Basis of consolidation

The standardized approach to risk-weighted assets under Basel III applies to the Corporation's consolidated financial statements and off-balance sheet exposures. The Corporation's basis of consolidation for both financial and regulatory reporting purposes is in accordance with U.S. Generally Accepted Accounting Principles ("GAAP"). Certain of the Corporation's equity investments accounted for under either the proportional method, equity method or cost method are neither consolidated nor deducted from regulatory capital under Basel III, but instead are assigned an appropriate risk weight. There are no entities within the Corporation enterprise that are deconsolidated or whose capital is deducted for Basel III.

  • For further information regarding the Corporation's principles of consolidation, see Note 1 to the consolidated financial statements on page F-45 of the Corporation's 2019 Form 10-K.

Capital in regulated subsidiaries

At March 31, 2020, total capital for each of the Corporation's regulated banking subsidiaries, Comerica Bank and Comerica Bank & Trust, National Association, exceeded their respective minimum required regulatory capital amount. The Corporation's regulated broker-dealer subsidiary, Comerica Securities, Inc., was also in compliance with minimum net capital requirements at March 31, 2020.

Restrictions on funds and capital transfers

Various federal laws limit borrowings by the Corporation and its nonbank subsidiaries from its affiliate insured banking subsidiaries, and also limit various other transactions between the Corporation and its nonbank subsidiaries, on the one hand, and the Corporation's affiliate insured banking subsidiaries, on the other.

  • Refer to "Transactions with Affiliates" in Part I, Item 1 on page 6 of the Corporation's 2019 Form 10-K for further information.

There are statutory and regulatory requirements restricting the payment of dividends by subsidiary banks to the Corporation, as well as by the Corporation to its shareholders.

  • For further information, see "Dividends" on page 5 in Part I, Item 1 and Note 20 to the consolidated financial statements on page F-90 of the Corporation's 2019 Form 10-K.

Shares of common stock can only be redeemed by the Corporation through repurchases.

  • For additional information about capital and the Corporation's share repurchase program, see "Capital" in Part I, Item 2 on page 45 of the Corporation's First Quarter 2020 Form 10-Q.

The Federal Reserve requires depository institutions to maintain cash reserves with a Federal Reserve Bank.

  • See Note 20 to the consolidated financial statements on page F-90 of the Corporation's 2019 Form 10-K for further information.

CAPITAL STRUCTURE

Regulatory capital instruments

The Corporation's currently qualifying regulatory capital instruments consist of common stock and subordinated debt. Each share of the Corporation's common stock entitles the holder to one vote for the election of directors and for all other matters to be voted on by the Corporation's shareholders.

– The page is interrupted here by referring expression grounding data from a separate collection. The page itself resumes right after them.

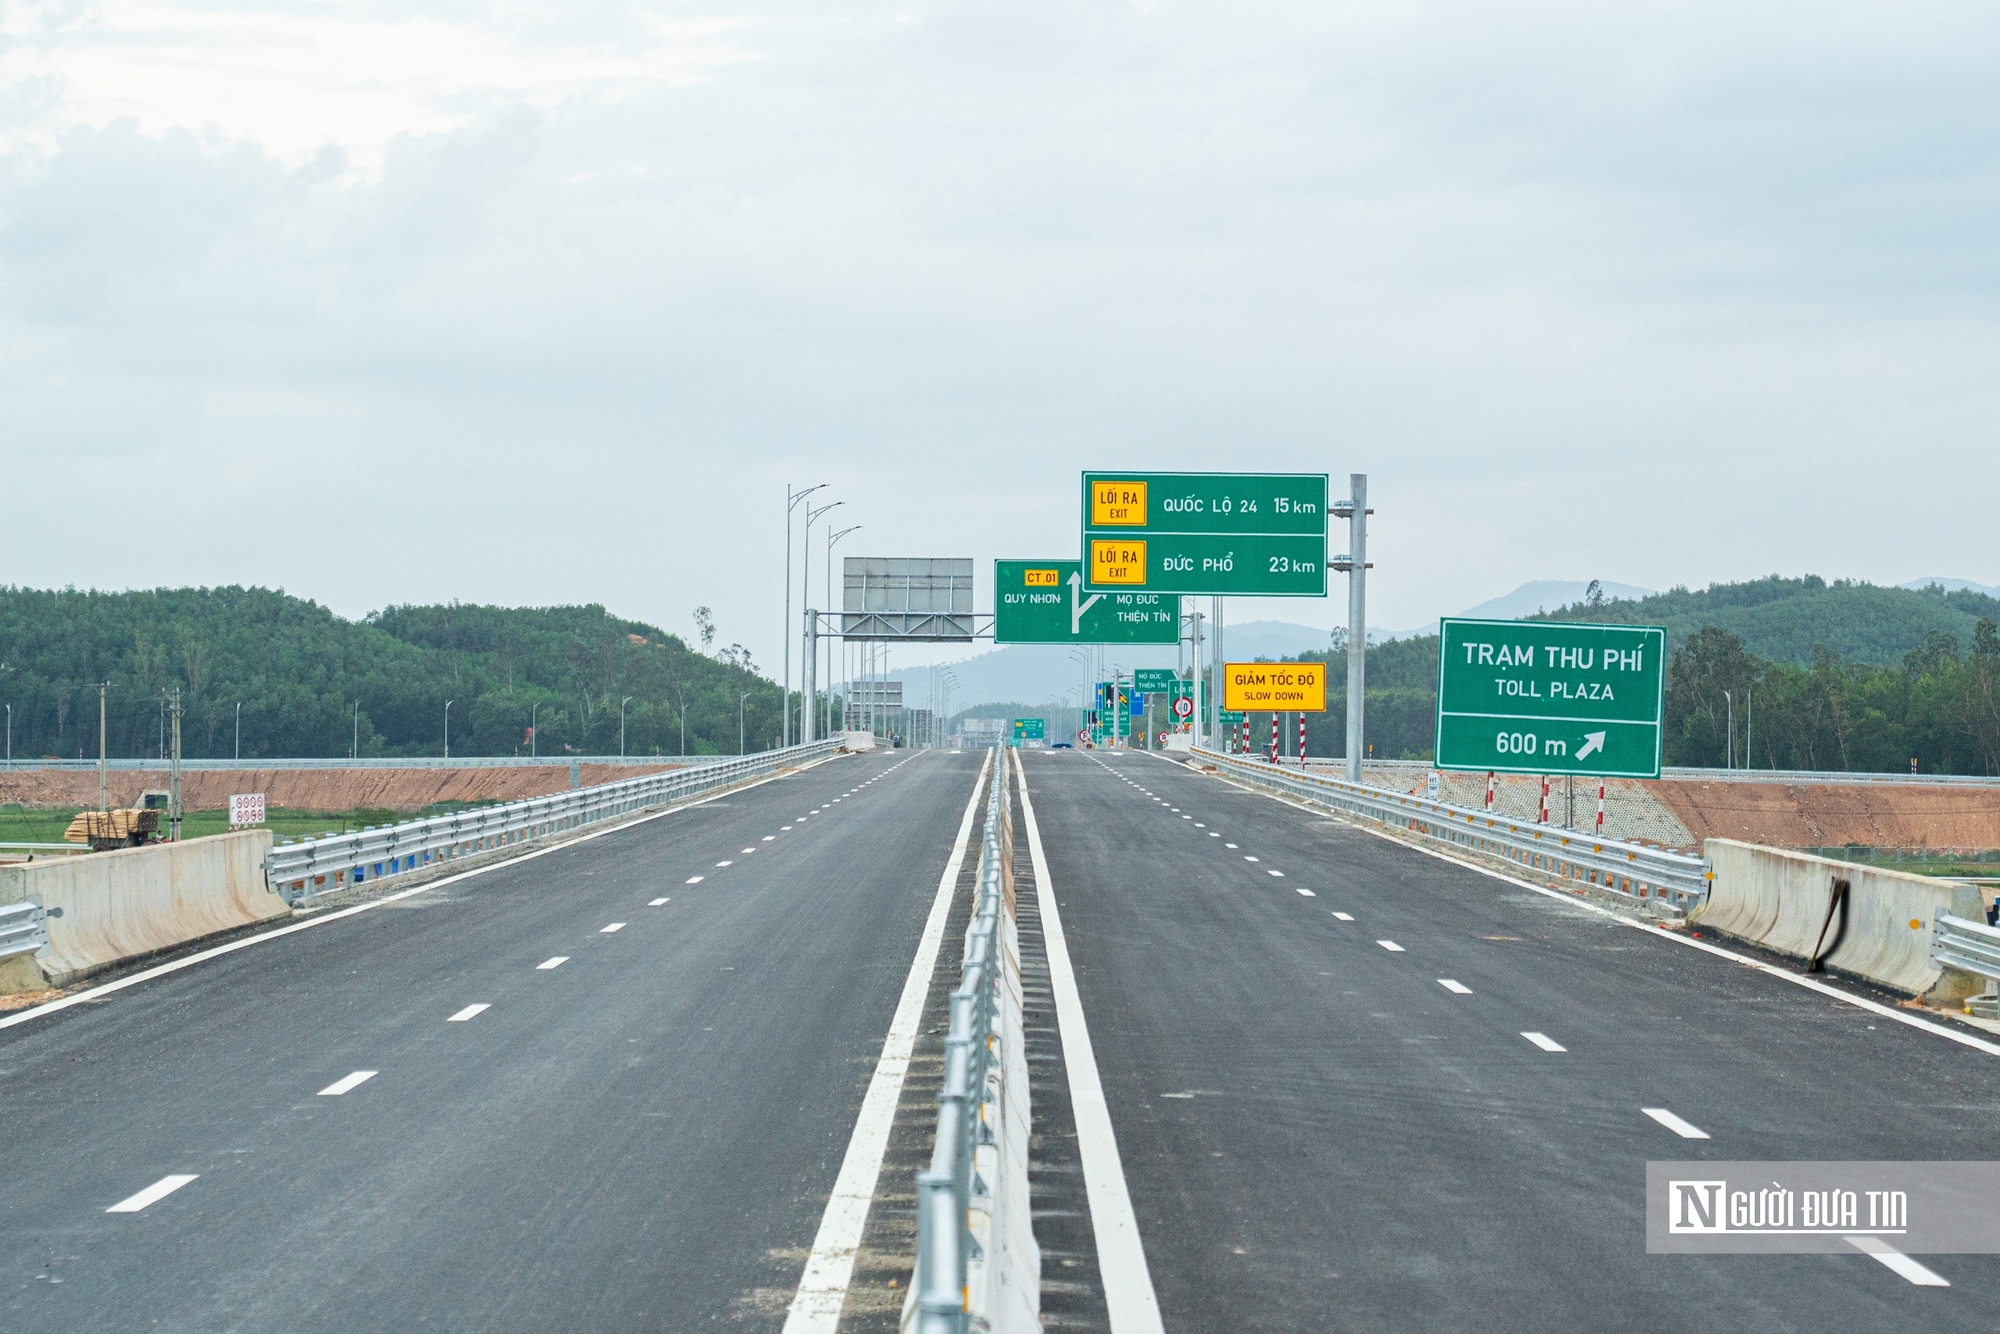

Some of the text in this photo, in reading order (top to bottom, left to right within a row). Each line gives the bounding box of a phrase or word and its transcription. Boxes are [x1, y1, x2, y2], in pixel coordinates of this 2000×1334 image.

[1100, 487, 1138, 505] LỐI RA
[1163, 493, 1316, 516] QUỐC LỘ 24 15 km
[1110, 508, 1128, 519] EXIT
[1099, 546, 1138, 563] LỐI RA
[1163, 551, 1315, 573] ĐỨC PHỔ 23 km
[1109, 567, 1127, 578] EXIT
[1004, 593, 1027, 604] QUY
[1117, 609, 1171, 624] THIỆN TÍN
[1462, 642, 1645, 672] TRẠM THU PHÍ
[1235, 669, 1315, 688] GIẢM TỐC ĐỘ
[1244, 691, 1304, 701] SLOW DOWN
[1495, 678, 1614, 701] TOLL PLAZA
[1496, 731, 1567, 756] 600 m
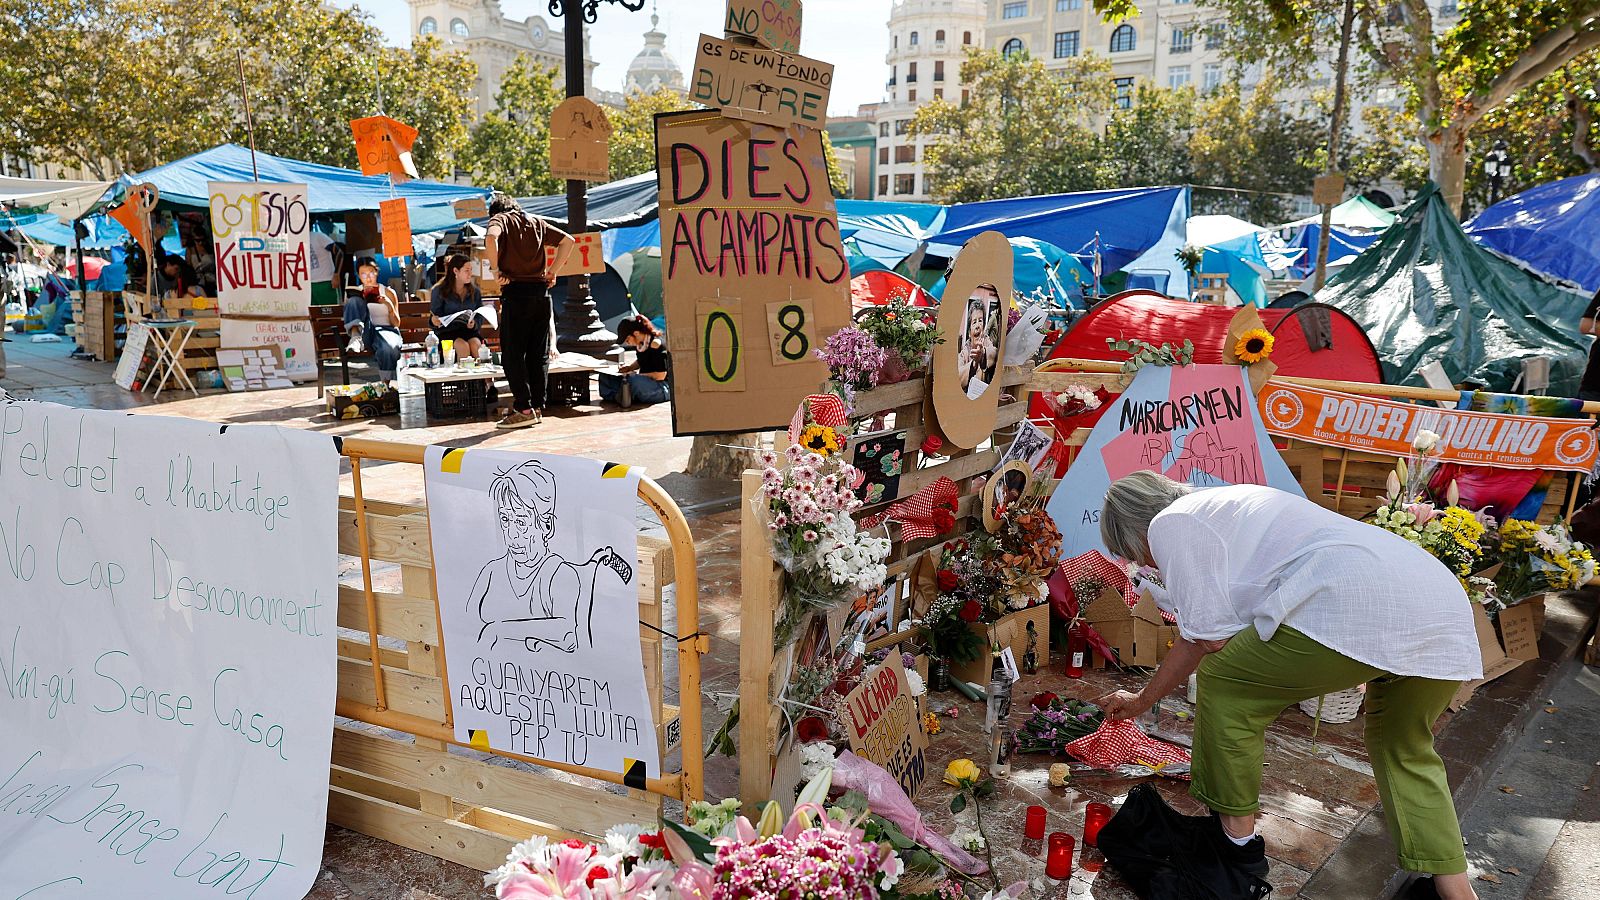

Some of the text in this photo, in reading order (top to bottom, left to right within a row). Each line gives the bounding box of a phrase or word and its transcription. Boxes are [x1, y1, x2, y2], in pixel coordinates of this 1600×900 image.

[728, 6, 759, 34] NO
[702, 42, 722, 57] es
[729, 49, 749, 64] DE
[753, 54, 775, 69] UN
[671, 138, 812, 206] DIES
[215, 241, 309, 292] KULTURA
[668, 207, 849, 285] ACAMPATS
[703, 304, 809, 384] 0 8
[1119, 385, 1242, 436] MARICARMEN
[1313, 428, 1337, 441] bloque
[1349, 435, 1375, 446] bloque
[1315, 396, 1409, 441] PODER
[1404, 410, 1549, 455] INQUILINO
[1140, 427, 1238, 466] ABASCAL
[1456, 451, 1533, 464] contra el rentismo
[135, 486, 151, 506] a
[166, 453, 290, 531] l'habitatge
[1082, 509, 1101, 526] AS
[56, 516, 125, 608] Cap
[150, 536, 323, 637] Desnonament
[93, 650, 194, 727] Sense
[213, 668, 288, 761] Casa
[471, 656, 612, 710] GUANYAREM
[847, 666, 898, 739] LUCHAD
[460, 684, 639, 746] AQUESTA LLUITA
[510, 719, 588, 766] PER TÚ
[46, 763, 179, 864] Sense

Upon a liquidation, dissolution or similar proceeding, the holders of common stock would share proportionally in the residual assets remaining after all claims have been satisfied. Shares of common stock can only be redeemed by the Corporation through repurchases.

  • For additional information about capital and the Corporation's share repurchase program, see "Capital" in Part I, Item 2 on page 45 of the Corporation's First Quarter 2020 Form 10-Q.

The Corporation's subordinated debt contains no financial covenants. The subordinated debt is subject to standard events of default, including those related to payment of principal and interest, bankruptcy, insolvency, receivership and other similar actions and compliance with typical legal covenants.

  • For further details regarding subordinated debt as of March 31, 2020, see Note 7 to the consolidated financial statements on page 25 of the Corporation's First Quarter 2020 Form 10-Q.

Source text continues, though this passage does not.